Task details
Return the data that follows exactly as it appears. Pictures do not belong in the copy.
---- Data for the task
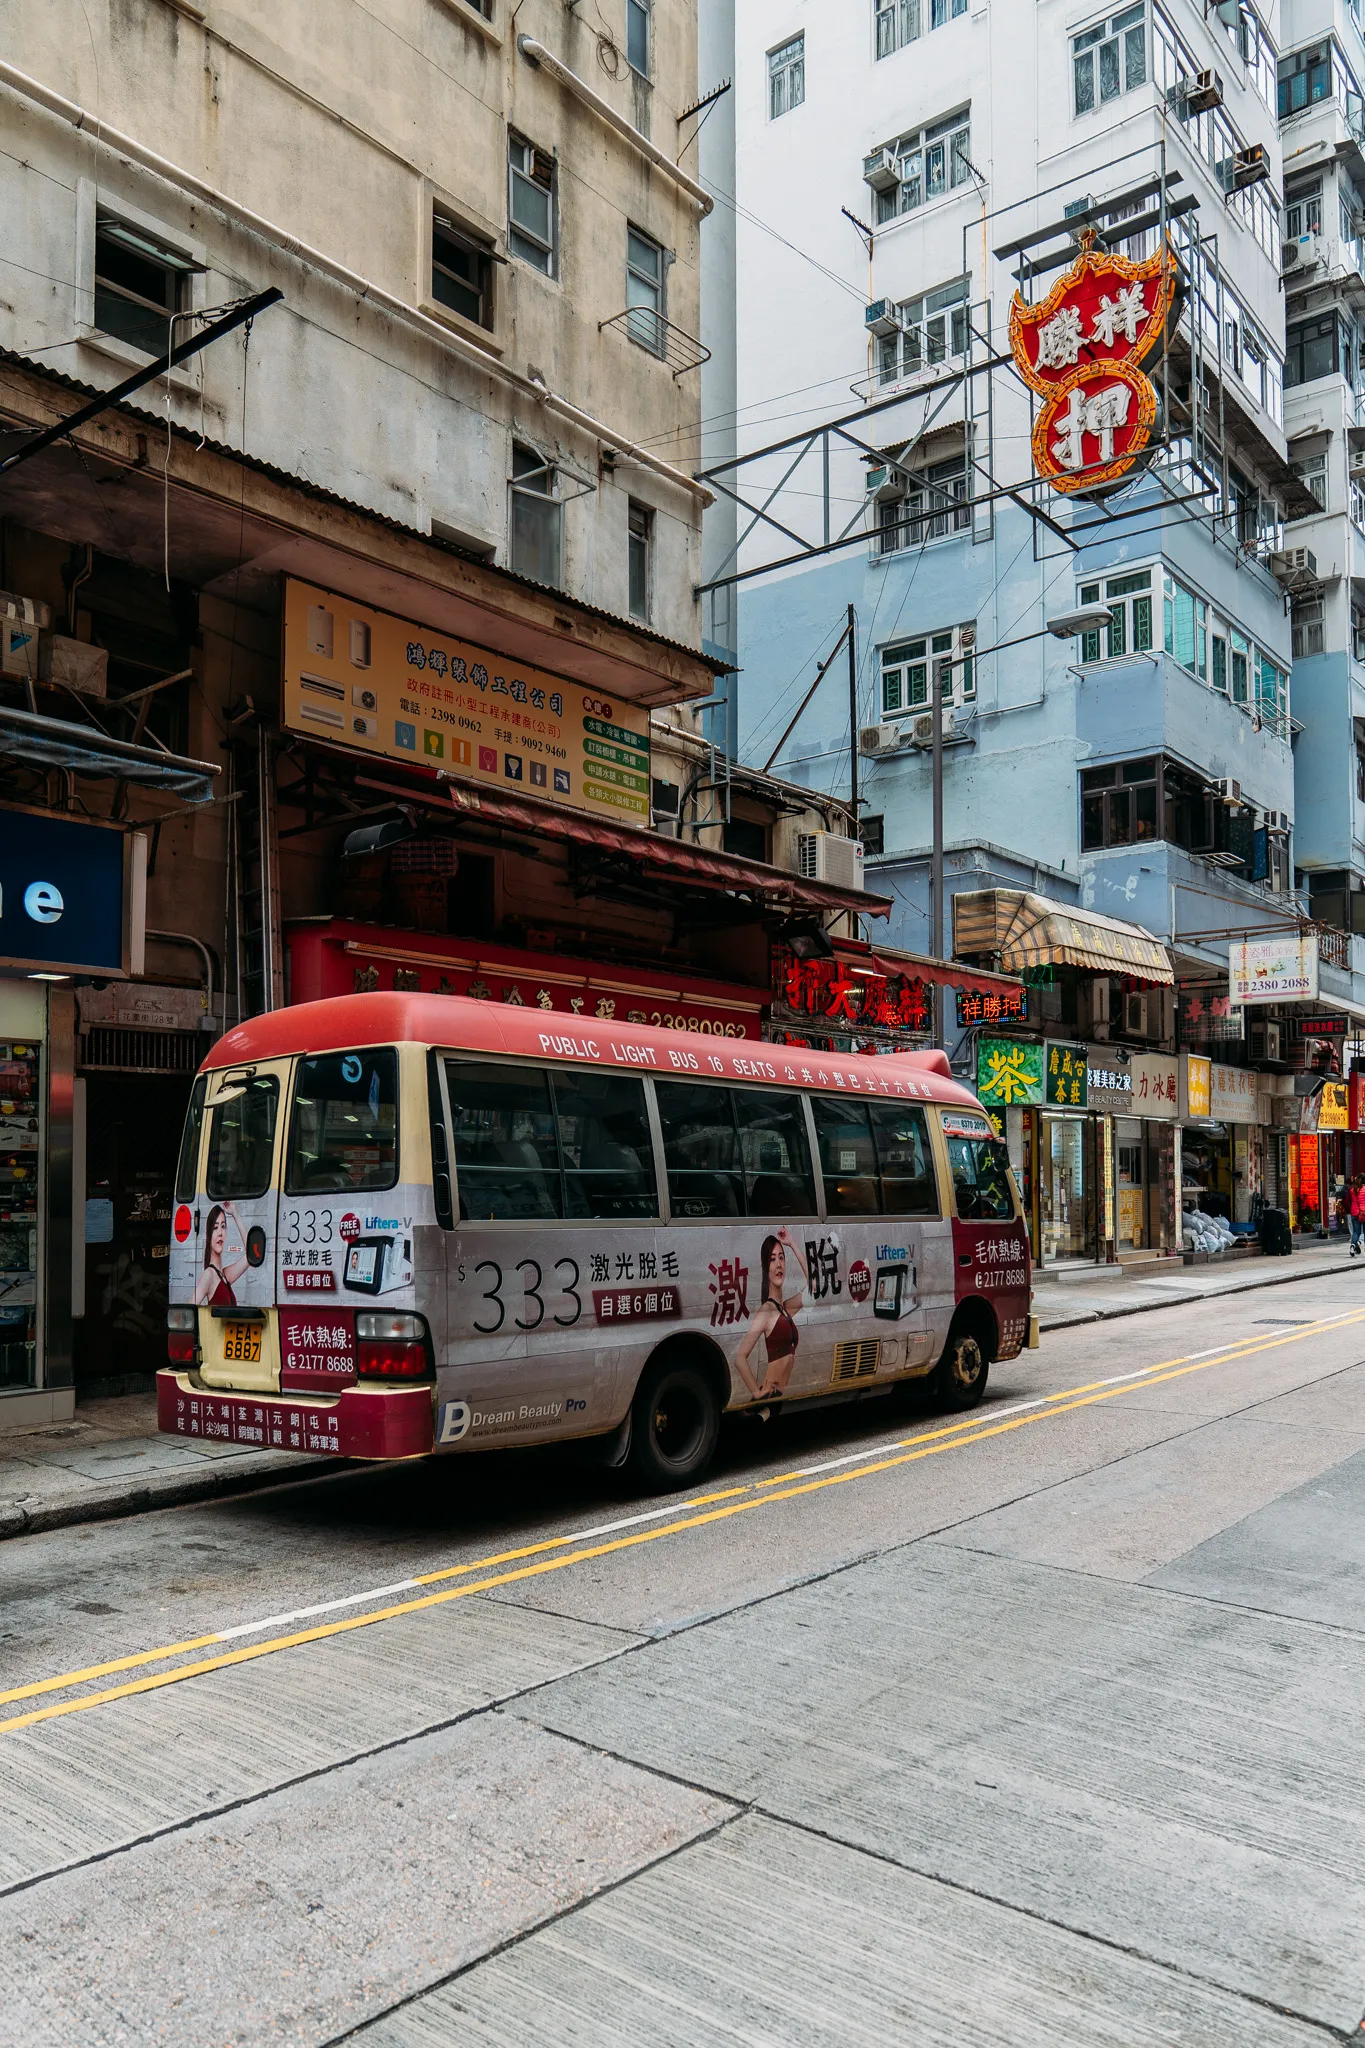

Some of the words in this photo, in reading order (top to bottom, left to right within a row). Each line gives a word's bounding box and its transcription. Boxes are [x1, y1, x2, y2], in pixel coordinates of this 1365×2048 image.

[1050, 381, 1132, 469] 押
[406, 641, 564, 717] 鴻輝裝飾工程公司
[431, 707, 456, 727] 2398
[458, 713, 482, 735] 0962
[521, 735, 543, 753] 9092
[545, 740, 567, 760] 9460
[1251, 980, 1278, 992] 2380
[1281, 977, 1309, 989] 2088
[538, 1034, 600, 1058] PUBLIC
[610, 1043, 656, 1065] LIGHT
[668, 1050, 699, 1070] BUS
[708, 1056, 724, 1072] 16
[732, 1058, 776, 1078] SEATS
[784, 1065, 933, 1097] 公共小型巴士十六座位
[980, 1046, 1040, 1105] 茶
[1132, 1072, 1177, 1103] 力冰廳
[340, 1219, 358, 1230] FREE
[366, 1216, 412, 1230] Liftera-V
[282, 1249, 333, 1266] 激光脫毛
[876, 1244, 915, 1260] Liftera-V
[590, 1251, 680, 1283] 激光脫毛
[286, 1273, 332, 1288] 自選6個位
[849, 1270, 867, 1285] FREE
[984, 1270, 1004, 1287] 2177
[1005, 1269, 1025, 1285] 8688
[600, 1292, 674, 1318] 自選6個位
[236, 1325, 252, 1342] EA
[226, 1341, 260, 1361] 6887
[299, 1354, 324, 1371] 2177
[327, 1354, 353, 1372] 8688
[472, 1410, 515, 1427] Dream
[519, 1402, 562, 1419] Beauty
[565, 1399, 587, 1412] Pro
[472, 1418, 562, 1438] www.dreambeautypro.com
--------
Answer to this problem
Some of the words in this photo, in reading order (top to bottom, left to right within a row). Each line gives a word's bounding box and its transcription. Boxes are [x1, y1, x2, y2], in pixel coordinates of this 1365×2048 image.

[1050, 381, 1132, 469] 押
[406, 641, 564, 717] 鴻輝裝飾工程公司
[431, 707, 456, 727] 2398
[458, 713, 482, 735] 0962
[521, 735, 543, 753] 9092
[545, 740, 567, 760] 9460
[1251, 980, 1278, 992] 2380
[1281, 977, 1309, 989] 2088
[538, 1034, 600, 1058] PUBLIC
[610, 1043, 656, 1065] LIGHT
[668, 1050, 699, 1070] BUS
[708, 1056, 724, 1072] 16
[732, 1058, 776, 1078] SEATS
[784, 1065, 933, 1097] 公共小型巴士十六座位
[980, 1046, 1040, 1105] 茶
[1132, 1072, 1177, 1103] 力冰廳
[340, 1219, 358, 1230] FREE
[366, 1216, 412, 1230] Liftera-V
[282, 1249, 333, 1266] 激光脫毛
[876, 1244, 915, 1260] Liftera-V
[590, 1251, 680, 1283] 激光脫毛
[286, 1273, 332, 1288] 自選6個位
[849, 1270, 867, 1285] FREE
[984, 1270, 1004, 1287] 2177
[1005, 1269, 1025, 1285] 8688
[600, 1292, 674, 1318] 自選6個位
[236, 1325, 252, 1342] EA
[226, 1341, 260, 1361] 6887
[299, 1354, 324, 1371] 2177
[327, 1354, 353, 1372] 8688
[472, 1410, 515, 1427] Dream
[519, 1402, 562, 1419] Beauty
[565, 1399, 587, 1412] Pro
[472, 1418, 562, 1438] www.dreambeautypro.com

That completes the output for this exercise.